Em 2007 quando iniciou o primeiro (e parecer que será o único) governo petista no Pará, sob comando de Ana Júlia, diversas mudanças na estrutura administrativa e gerencial do Estado foram feitas. Dentre elas a criação de uma secretaria que buscasse diminuir as assimetrias regionais do território paraense. Essa missão foi dada ao amigo André Farias, que assumiu a Secretaria de Integração Regional (Seir), que teria como missão principal criar políticas públicas que buscassem integrar as diferentes regiões. Um novo modelo de regionalização territorial foi criado no Pará, com 12 zonas de integração. Na prática as ações da referida secretaria quase não foram percebidas.

Na disputa eleitoral de 2010 ao governo do Pará, Jatene prometeu criar mecanismos de descentralização administrativa e gerencial em uma das máquinas públicas estaduais mais centralizadas entre os entes federativos. A essas estruturas o tucano as chamou de Centros Integrados de Governo. As teses anteriores de desenvolvimento regional do governo petista foram esquecidas pelo clã tucano que assumiu o poder político estadual.

Independente das propostas ou teses dos dois grupos políticos adversários, uma certeza: se faz necessário um novo modelo de gestão regional no Pará. A estrutura organizacional chegou ao limite da centralização administrativa, ainda mais em um estado de dimensões continentais, o segundo maior do Brasil. Na disputa eleitoral de 2014, Jatene voltou a incluir a pauta em seu plano de governo. Os centros regionais em Marabá e Santarém seriam novamente apresentados como ações prioritárias de combate às desigualdades territoriais.

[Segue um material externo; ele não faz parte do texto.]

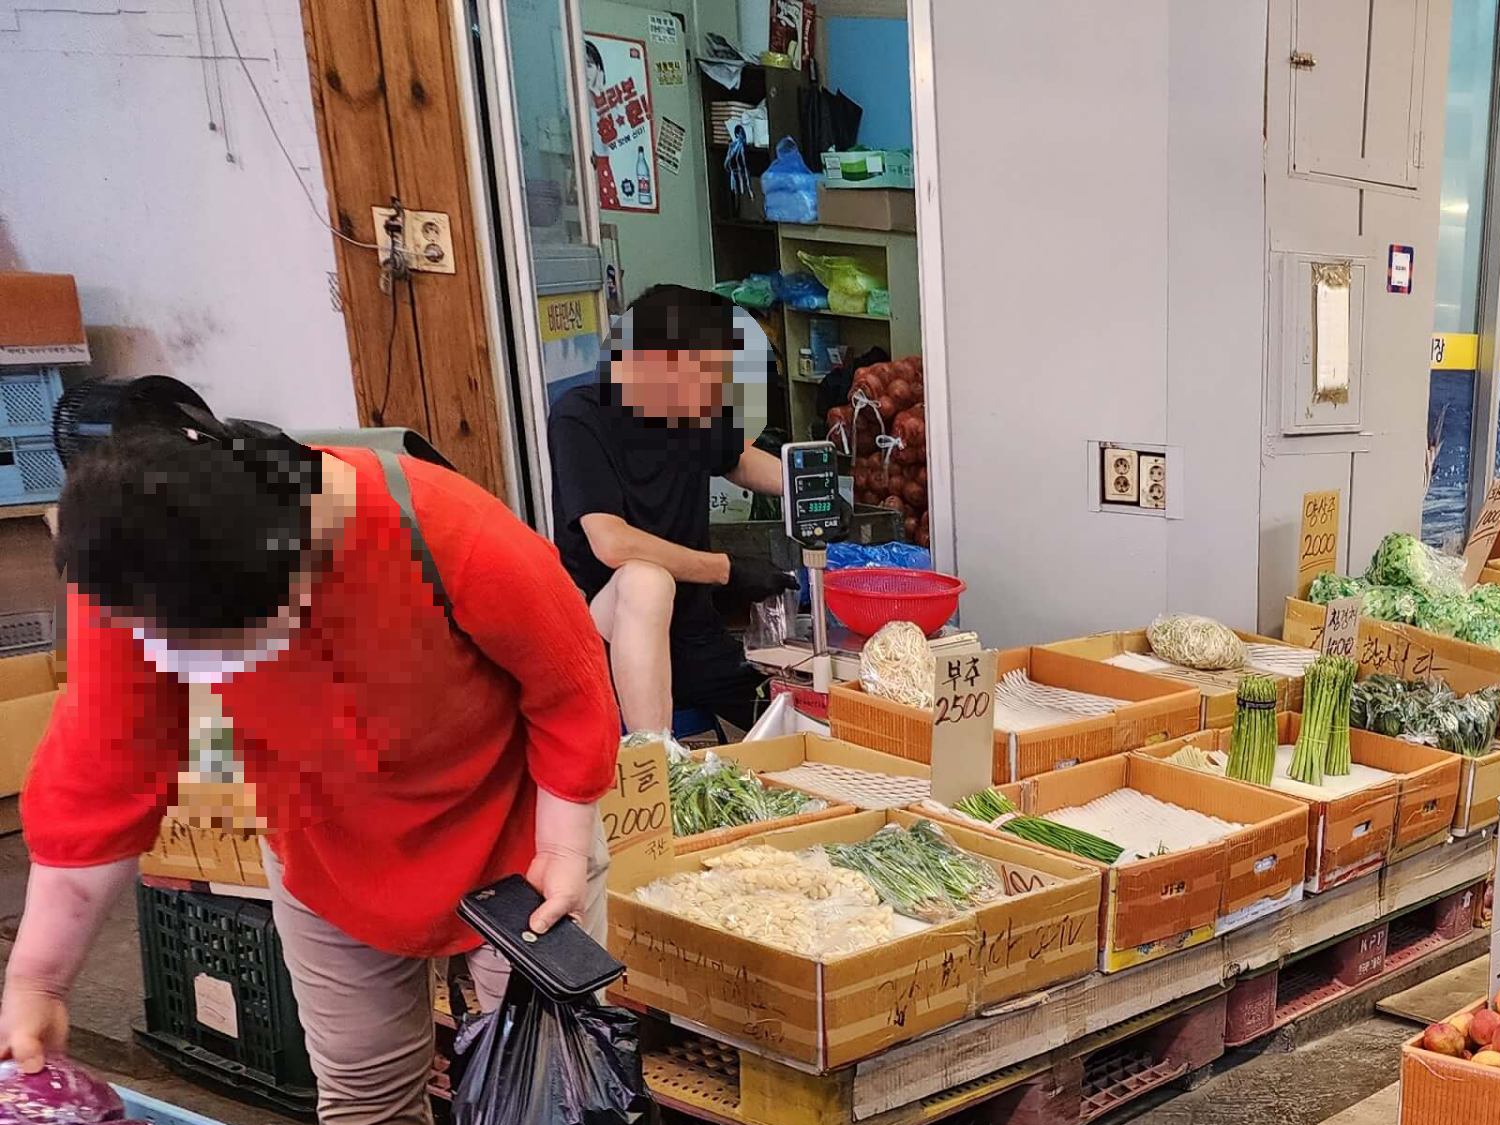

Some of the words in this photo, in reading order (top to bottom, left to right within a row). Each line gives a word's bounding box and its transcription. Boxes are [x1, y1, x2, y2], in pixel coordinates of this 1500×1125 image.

[1430, 337, 1446, 364] 장
[1301, 532, 1337, 561] 2000
[941, 655, 982, 692] 부추
[934, 691, 990, 727] 2500
[602, 800, 667, 843] 2000

As duas últimas gestões (a passada e a atual em seu último ano) de Simão Jatene percorreram caminhos contrários à proposta de melhorar a regionalização do Estado perante o território. Ano a ano o orçamento do governo (LOA) vem gradativamente retirando investimentos das regiões sul, sudeste e oeste do Pará, e aumentando os recursos para Belém e sua região metropolitana. Portanto, no quesito de combate às assimetrias regionais, não há fórmula mágica. Só se modifica com investimento e políticas públicas e estimulo as privadas.

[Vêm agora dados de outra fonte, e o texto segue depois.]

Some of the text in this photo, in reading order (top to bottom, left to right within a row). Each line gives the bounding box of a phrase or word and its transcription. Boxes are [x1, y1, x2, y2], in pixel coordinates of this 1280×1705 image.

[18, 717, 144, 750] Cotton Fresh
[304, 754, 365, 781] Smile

Jatene em seu último ano de mandato, depois de sete invernos amazônicos que havia prometido tais medidas, finalmente as colocou em prática. Sabe-se que esses dois centros administrativos deverão fazer pouco no que diz respeito às políticas públicas de investimento regional. Pela forma como foram criados deverão atender muito mais a interesses políticos (ano eleitoral) do que os seus reais objetivos de criação.

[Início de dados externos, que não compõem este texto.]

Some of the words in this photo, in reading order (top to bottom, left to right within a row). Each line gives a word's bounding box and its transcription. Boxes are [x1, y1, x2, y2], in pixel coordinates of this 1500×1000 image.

Simão Jatene na condição de agente público reúne inúmeros defeitos. Para a sua sorte a sua maior virtude é ter ótima visão política que lhe permite ser um bom estrategista. Sabe “mexer bem as peças do tabuleiro político-eleitoral”. Não, por acaso, é o único político a governar o Pará por três vezes.

Dentro do seu leque de opções e algumas estratégias, o governador ao inaugurar duas secretarias regionais, manterá permanentemente estruturas políticas poderosas, em dois importantes colégios eleitorais: Marabá e Santarém. Dois centros regionais que Simão perdeu a eleição em 2014. O discurso deverá ser que agora o Estado estará mais presente; o governo terá suas representações “in loco” para intermediar e atender de forma mais eficiente as demandas regionais, muitas delas históricas.

As secretarias regionais deverão fazer pouco na prática. Mas poderão ter um efeito político positivo ao governador e ao seu candidato, Márcio Miranda (DEM). Jatene deixou para cumprir a sua promessa de campanha de quase uma década em seu último ano de gestão, exatamente em ano eleitoral. Duas estruturas de governo que terão função política em territórios em que Helder Barbalho mantém a dianteira. Mais um obstáculo que o ministro terá que enfrentar se quiser realizar o sonho de seu pai: ser governador do Pará.